Present the following data again exactly as it is shown.
──────── Input for this task
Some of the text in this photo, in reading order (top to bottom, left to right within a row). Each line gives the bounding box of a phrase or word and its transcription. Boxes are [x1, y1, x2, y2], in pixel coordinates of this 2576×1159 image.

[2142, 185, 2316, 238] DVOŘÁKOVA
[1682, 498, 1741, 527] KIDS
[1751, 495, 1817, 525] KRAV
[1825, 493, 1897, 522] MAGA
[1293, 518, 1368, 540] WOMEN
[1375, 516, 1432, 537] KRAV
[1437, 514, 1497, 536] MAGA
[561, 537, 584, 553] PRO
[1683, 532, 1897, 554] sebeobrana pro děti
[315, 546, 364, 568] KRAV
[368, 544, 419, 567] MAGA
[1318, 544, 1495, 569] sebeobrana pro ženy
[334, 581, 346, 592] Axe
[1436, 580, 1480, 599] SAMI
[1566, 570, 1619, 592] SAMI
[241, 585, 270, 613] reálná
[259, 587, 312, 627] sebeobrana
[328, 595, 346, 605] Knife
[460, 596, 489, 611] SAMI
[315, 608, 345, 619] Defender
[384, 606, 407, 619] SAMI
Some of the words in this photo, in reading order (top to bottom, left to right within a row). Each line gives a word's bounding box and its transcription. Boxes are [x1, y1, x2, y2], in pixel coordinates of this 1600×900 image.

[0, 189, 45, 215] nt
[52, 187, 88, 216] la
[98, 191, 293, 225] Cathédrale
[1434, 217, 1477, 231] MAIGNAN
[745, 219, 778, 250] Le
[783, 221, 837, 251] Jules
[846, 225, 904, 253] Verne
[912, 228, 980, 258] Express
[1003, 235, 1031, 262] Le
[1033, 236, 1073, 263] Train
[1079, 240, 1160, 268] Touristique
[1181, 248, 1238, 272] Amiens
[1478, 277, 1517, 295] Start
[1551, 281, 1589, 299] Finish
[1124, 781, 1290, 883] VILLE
────────────────
- **Answer to the problem**
Some of the text in this photo, in reading order (top to bottom, left to right within a row). Each line gives the bounding box of a phrase or word and its transcription. Boxes are [x1, y1, x2, y2], in pixel coordinates of this 2576×1159 image.

[2142, 185, 2316, 238] DVOŘÁKOVA
[1682, 498, 1741, 527] KIDS
[1751, 495, 1817, 525] KRAV
[1825, 493, 1897, 522] MAGA
[1293, 518, 1368, 540] WOMEN
[1375, 516, 1432, 537] KRAV
[1437, 514, 1497, 536] MAGA
[561, 537, 584, 553] PRO
[1683, 532, 1897, 554] sebeobrana pro děti
[315, 546, 364, 568] KRAV
[368, 544, 419, 567] MAGA
[1318, 544, 1495, 569] sebeobrana pro ženy
[334, 581, 346, 592] Axe
[1436, 580, 1480, 599] SAMI
[1566, 570, 1619, 592] SAMI
[241, 585, 270, 613] reálná
[259, 587, 312, 627] sebeobrana
[328, 595, 346, 605] Knife
[460, 596, 489, 611] SAMI
[315, 608, 345, 619] Defender
[384, 606, 407, 619] SAMI
Some of the words in this photo, in reading order (top to bottom, left to right within a row). Each line gives a word's bounding box and its transcription. Boxes are [x1, y1, x2, y2], in pixel coordinates of this 1600×900 image.

[0, 189, 45, 215] nt
[52, 187, 88, 216] la
[98, 191, 293, 225] Cathédrale
[1434, 217, 1477, 231] MAIGNAN
[745, 219, 778, 250] Le
[783, 221, 837, 251] Jules
[846, 225, 904, 253] Verne
[912, 228, 980, 258] Express
[1003, 235, 1031, 262] Le
[1033, 236, 1073, 263] Train
[1079, 240, 1160, 268] Touristique
[1181, 248, 1238, 272] Amiens
[1478, 277, 1517, 295] Start
[1551, 281, 1589, 299] Finish
[1124, 781, 1290, 883] VILLE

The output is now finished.